**WHAT TO DO**
Line by line, print the records exactly as they are, dropping the pictures.

**EXERCISE DATA**
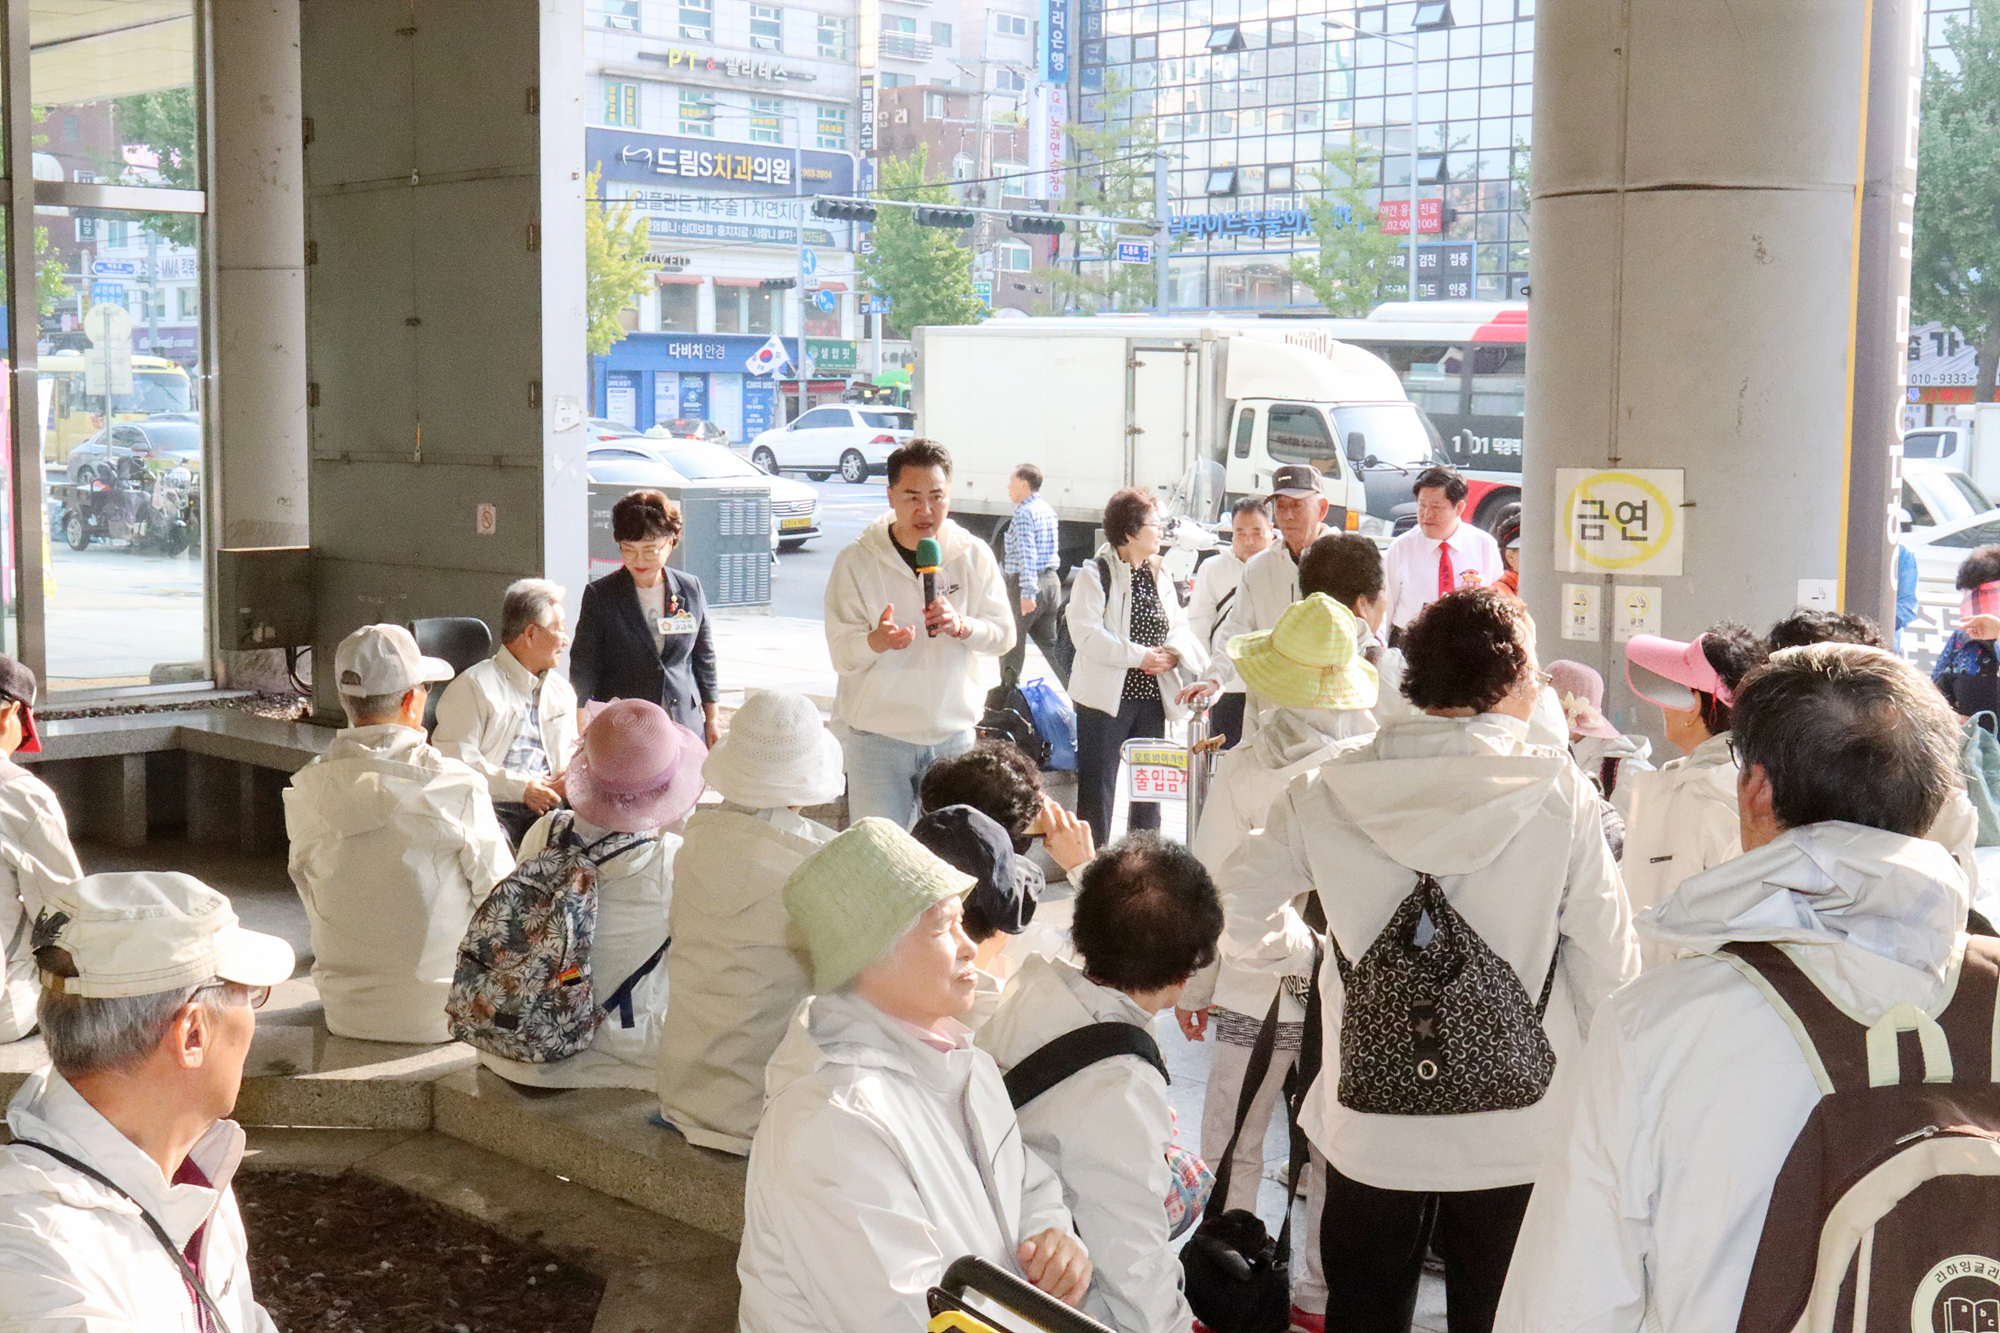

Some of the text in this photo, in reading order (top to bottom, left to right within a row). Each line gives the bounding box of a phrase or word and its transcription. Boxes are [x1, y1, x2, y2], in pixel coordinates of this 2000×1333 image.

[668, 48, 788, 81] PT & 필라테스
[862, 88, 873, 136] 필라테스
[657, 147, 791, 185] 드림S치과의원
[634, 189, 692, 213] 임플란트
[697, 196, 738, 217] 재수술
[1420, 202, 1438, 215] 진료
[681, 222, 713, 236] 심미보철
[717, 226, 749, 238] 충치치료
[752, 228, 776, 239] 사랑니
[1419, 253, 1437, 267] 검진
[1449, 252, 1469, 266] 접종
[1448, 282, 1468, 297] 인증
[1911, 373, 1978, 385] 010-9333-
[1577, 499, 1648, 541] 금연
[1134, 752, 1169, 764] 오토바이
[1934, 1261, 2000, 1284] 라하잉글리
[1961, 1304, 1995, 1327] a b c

**WRITTEN RESPONSE**
Some of the text in this photo, in reading order (top to bottom, left to right within a row). Each line gives the bounding box of a phrase or word and its transcription. Boxes are [x1, y1, x2, y2], in pixel coordinates of this 2000×1333 image.

[668, 48, 788, 81] PT & 필라테스
[862, 88, 873, 136] 필라테스
[657, 147, 791, 185] 드림S치과의원
[634, 189, 692, 213] 임플란트
[697, 196, 738, 217] 재수술
[1420, 202, 1438, 215] 진료
[681, 222, 713, 236] 심미보철
[717, 226, 749, 238] 충치치료
[752, 228, 776, 239] 사랑니
[1419, 253, 1437, 267] 검진
[1449, 252, 1469, 266] 접종
[1448, 282, 1468, 297] 인증
[1911, 373, 1978, 385] 010-9333-
[1577, 499, 1648, 541] 금연
[1134, 752, 1169, 764] 오토바이
[1934, 1261, 2000, 1284] 라하잉글리
[1961, 1304, 1995, 1327] a b c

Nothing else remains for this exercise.